Executive Director of the Port Authority of New York and New Jersey
- In office August 14, 2017 – February 8, 2026
- Governor: Andrew Cuomo; Phil Murphy; Kathy Hochul; Mikie Sherrill;
- Preceded by: Pat Foye
- Succeeded by: Kathryn Garcia

Personal details
- Born: 1943 or 1944 (age 81–82)
- Education: Harvard University (BA) Yale University (JD)

= Rick Cotton =

American lawyer and government official

Richard Cotton (born ) was the executive director of the Port Authority of New York and New Jersey. He assumed this role in August 2017 and was expected to retire in January 2026.

== Early life and education ==
Cotton was born in 1945 or 1946 in the Hyde Park neighborhood of Chicago. His mother, Sylvia Cotton, founded Illinois Action for Children, a nonprofit that focuses on ensuring all children, especially those facing poverty and racial injustice, have access the high-quality child care and early education they need to succeed in school and in life. His father, Eugene Cotton, served as a labor lawyer. Cotton has a BA from Harvard University and a JD from Yale Law School.

== Career ==

=== Early career ===
After graduating from Yale Law School, Cotton served as a law clerk to Judge J. Skelly Wright on United States Court of Appeals for the District of Columbia Circuit from 1969 to 1970. He subsequently clerked for Justice William J. Brennan Jr. on Supreme Court of the United States from 1970 to 1971.

=== Private sector ===
Cotton worked at NBCUniversal for 25 years. During this time, he spent 20 years as Executive Vice President and General Counsel. He also served for four years as president and managing director of CNBC Europe, based in London.

=== Government ===
Cotton has served in various governmental roles throughout his career. He was Executive Secretary to the Department of Health, Education and Welfare under Secretary Joseph A. Califano Jr.
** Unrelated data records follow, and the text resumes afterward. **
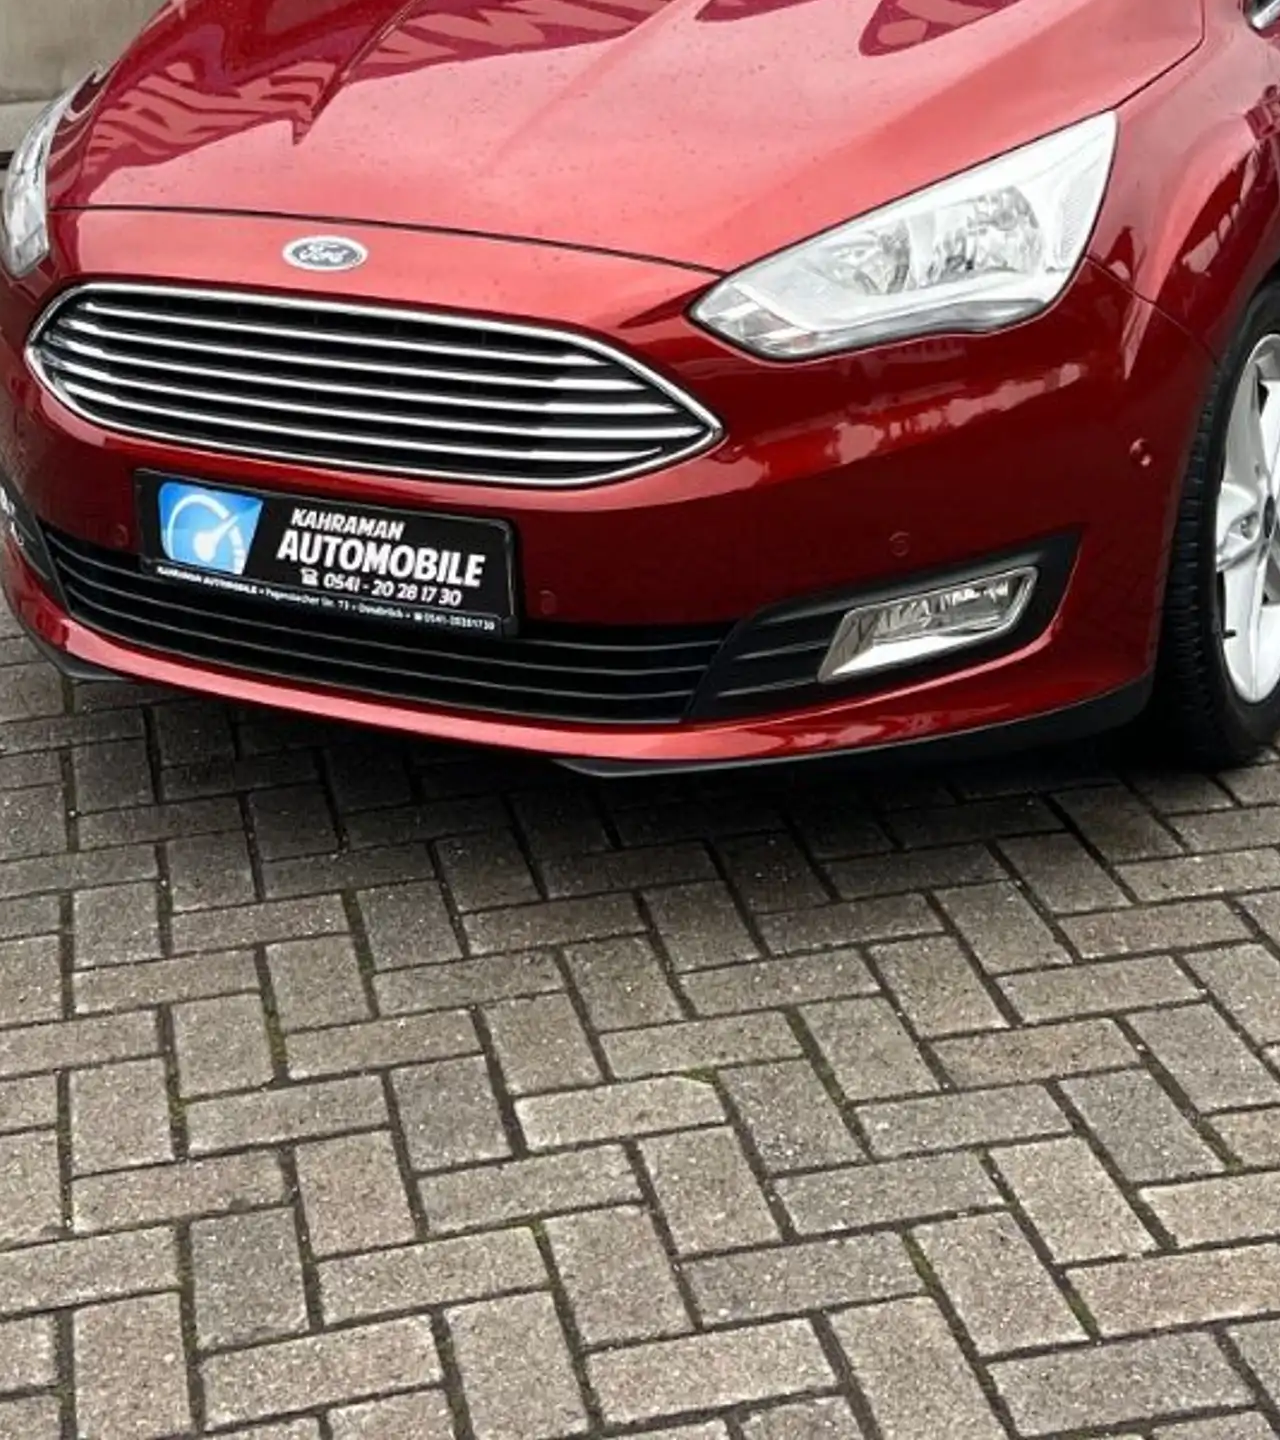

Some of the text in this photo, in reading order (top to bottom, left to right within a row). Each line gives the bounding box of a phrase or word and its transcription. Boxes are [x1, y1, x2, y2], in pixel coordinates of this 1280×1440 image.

[290, 507, 405, 542] KAHRAMAN
[276, 528, 487, 588] AUTOMOBILE
[323, 572, 361, 593] 0541
[371, 578, 395, 598] 20
[396, 582, 419, 602] 28
[420, 585, 438, 603] 17
[438, 587, 463, 607] 30
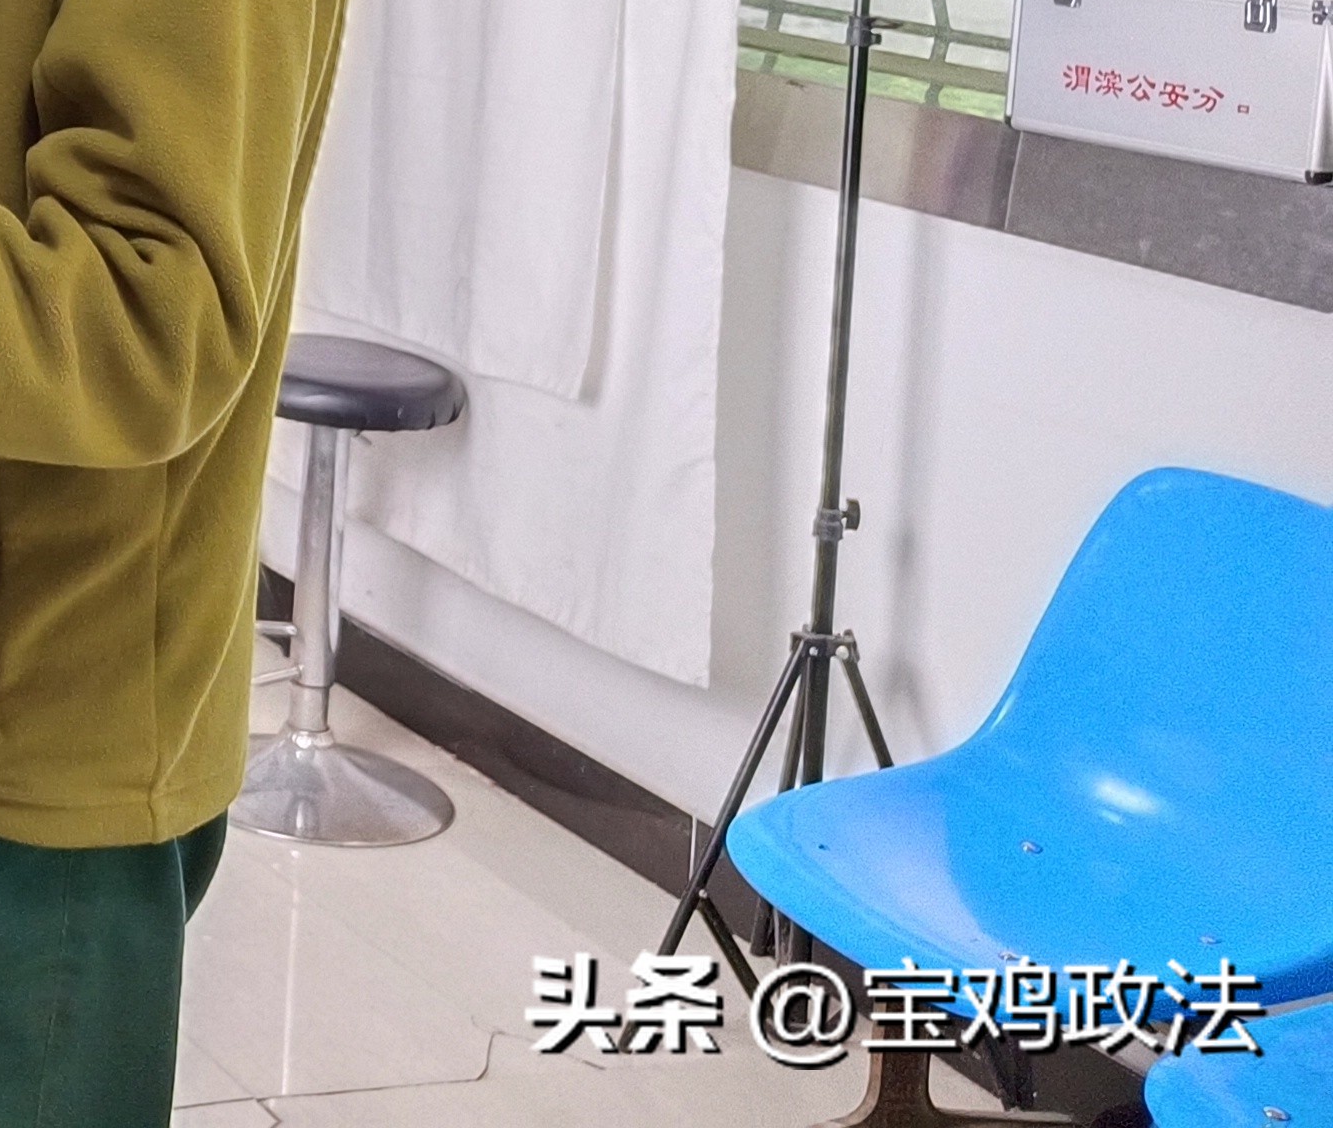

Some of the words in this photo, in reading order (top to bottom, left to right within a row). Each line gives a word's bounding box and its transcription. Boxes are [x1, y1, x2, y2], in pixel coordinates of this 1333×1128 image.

[1062, 63, 1252, 115] 渭滨公安分
He later worked as Special Assistant for Renewable Energy to Deputy Secretary John Sawhill at the U.S. Department of Energy.

From 2015 to 2017, Cotton worked for New York Governor Andrew Cuomo as Special Counsellor to the Governor for Interagency Initiatives. In this role, he focused on infrastructure projects in downstate New York, including LaGuardia and JFK Airports, the Moynihan Train Hall and Penn-Farley Complex, the Governor Mario M. Cuomo Bridge (formerly Tappan Zee Bridge), the Jacob K. Javits Convention Center expansion, and the Metropolitan Transportation Authority's Second Avenue Subway project. New York Governor Andrew Cuomo reportedly referred to Cotton as New York's “czar of infrastructure."

=== Port Authority of New York and New Jersey ===
In August 2017, Cotton was appointed executive director of the Port Authority of New York and New Jersey, the bi-state agency responsible for managing regional transportation infrastructure including airports, tunnels, bridges, ports, and the World Trade Center site.

Cotton will retire from the role in January 2026.

==Personal life==
Cotton married Elizabeth W. Smith, the Assistant Commissioner of New York City Department of Parks and Recreation, in 2011.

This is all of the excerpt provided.